» **What to do**
Write out the entire listing below exactly as it appears, minus any pictures.

» **Data shown**
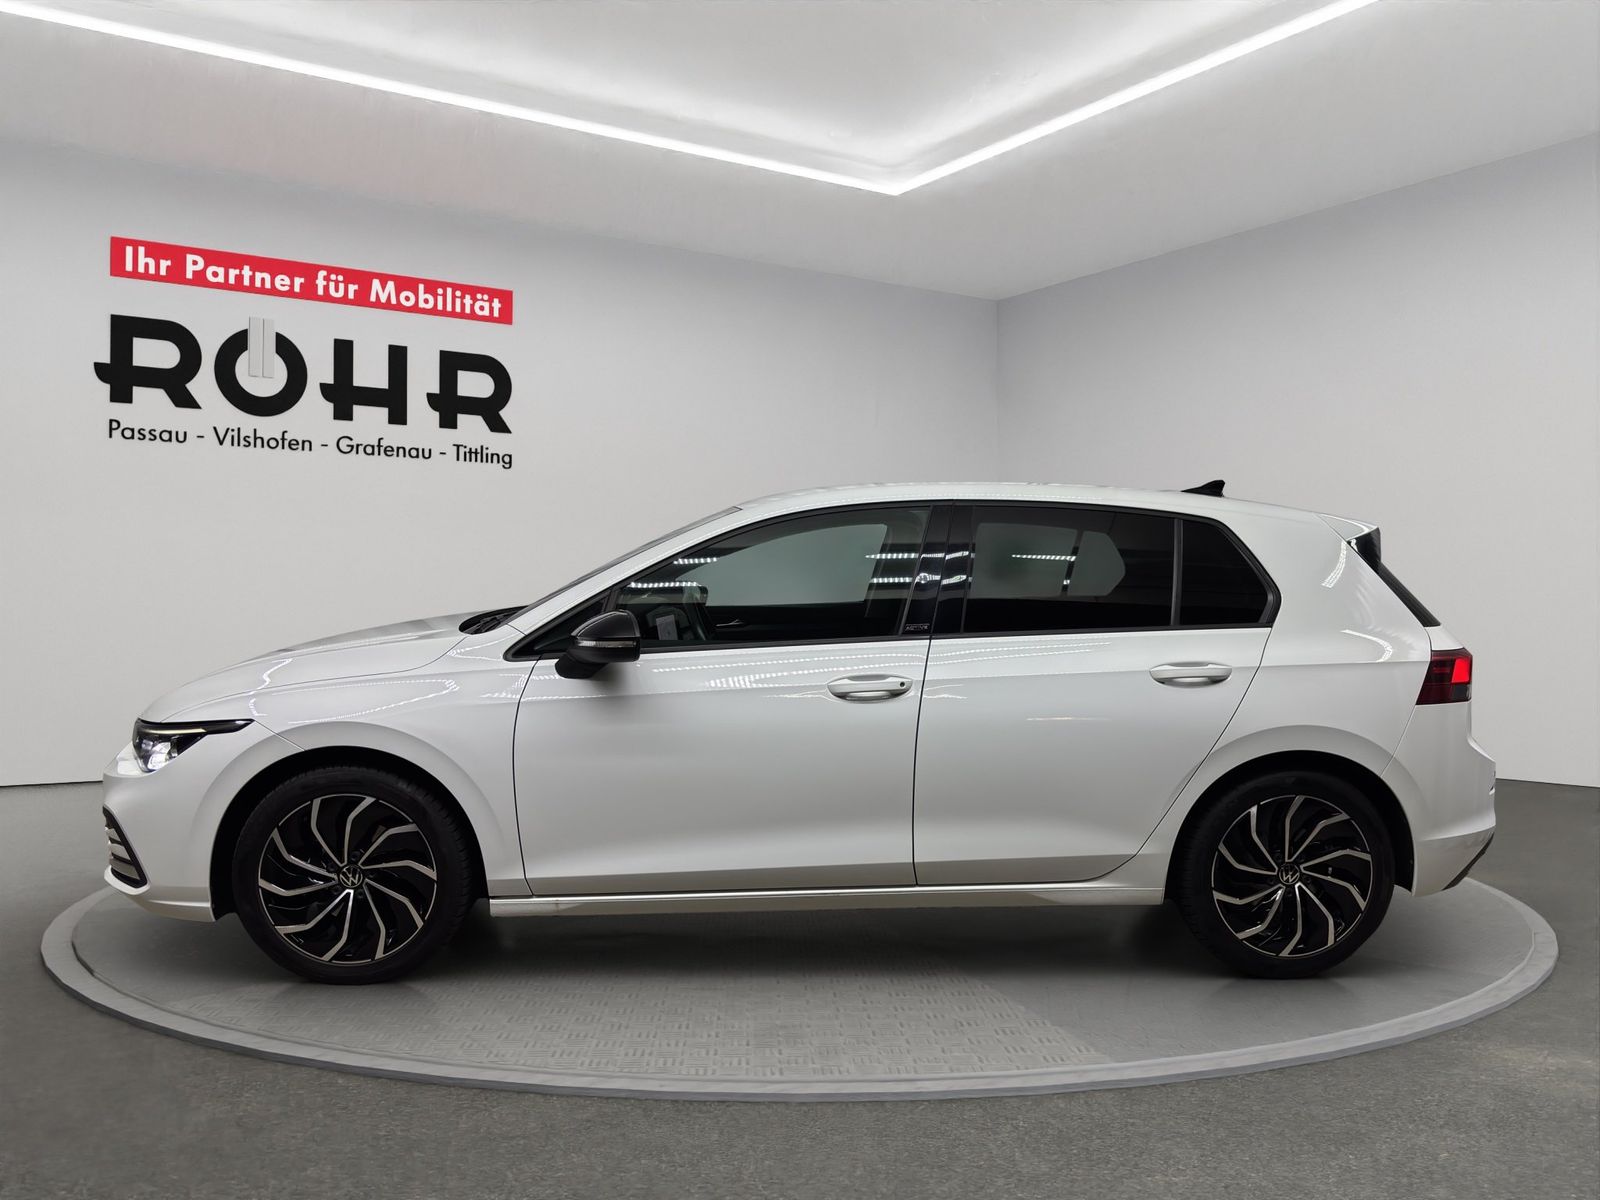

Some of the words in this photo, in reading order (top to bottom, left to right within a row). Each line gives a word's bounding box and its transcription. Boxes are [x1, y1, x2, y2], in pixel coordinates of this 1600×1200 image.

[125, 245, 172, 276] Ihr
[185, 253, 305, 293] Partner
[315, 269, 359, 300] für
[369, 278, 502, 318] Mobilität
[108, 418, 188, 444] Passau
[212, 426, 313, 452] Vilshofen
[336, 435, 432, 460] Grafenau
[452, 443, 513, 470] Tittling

» **Solution below**
Some of the words in this photo, in reading order (top to bottom, left to right within a row). Each line gives a word's bounding box and its transcription. Boxes are [x1, y1, x2, y2], in pixel coordinates of this 1600×1200 image.

[125, 245, 172, 276] Ihr
[185, 253, 305, 293] Partner
[315, 269, 359, 300] für
[369, 278, 502, 318] Mobilität
[108, 418, 188, 444] Passau
[212, 426, 313, 452] Vilshofen
[336, 435, 432, 460] Grafenau
[452, 443, 513, 470] Tittling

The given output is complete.